== ABOUT THIS EXERCISE ==
Each record below is to be copied exactly; the pictures are to be omitted.

Records from a collection:
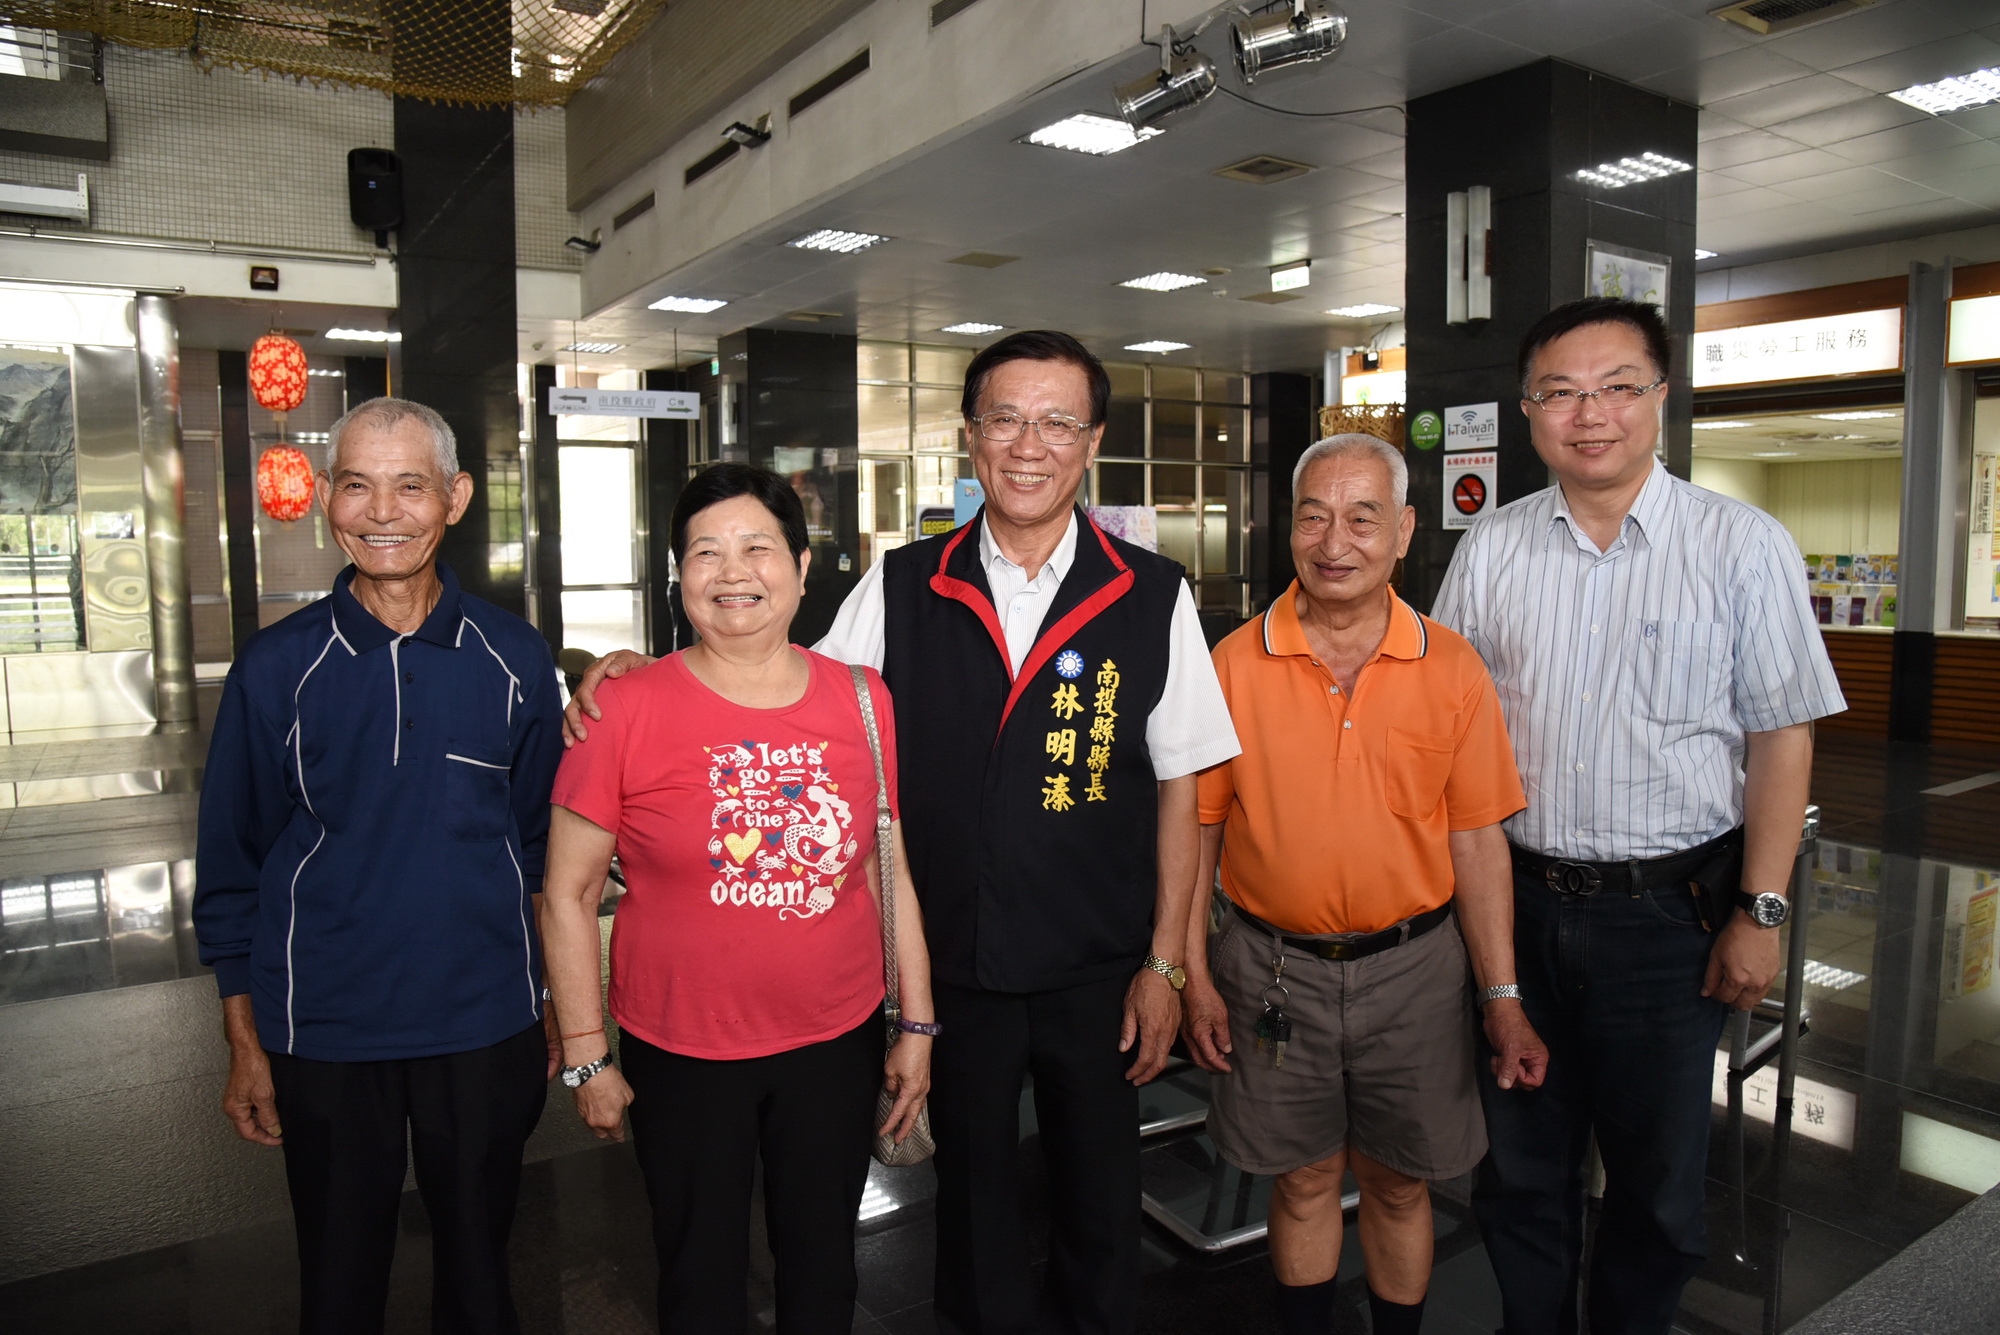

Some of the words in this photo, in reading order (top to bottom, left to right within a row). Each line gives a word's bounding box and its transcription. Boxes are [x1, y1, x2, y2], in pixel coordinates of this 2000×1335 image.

[1706, 328, 1867, 363] 職災勞工服務
[1084, 658, 1120, 802] 南投縣縣長
[756, 741, 823, 767] let's
[1041, 682, 1085, 812] 林明溱
[739, 767, 771, 789] go
[745, 797, 770, 811] to
[743, 811, 784, 828] the
[710, 879, 804, 907] ocean

== RESPONSE TO THE TASK ==
Some of the words in this photo, in reading order (top to bottom, left to right within a row). Each line gives a word's bounding box and its transcription. Boxes are [x1, y1, x2, y2], in pixel coordinates of this 2000×1335 image.

[1706, 328, 1867, 363] 職災勞工服務
[1084, 658, 1120, 802] 南投縣縣長
[756, 741, 823, 767] let's
[1041, 682, 1085, 812] 林明溱
[739, 767, 771, 789] go
[745, 797, 770, 811] to
[743, 811, 784, 828] the
[710, 879, 804, 907] ocean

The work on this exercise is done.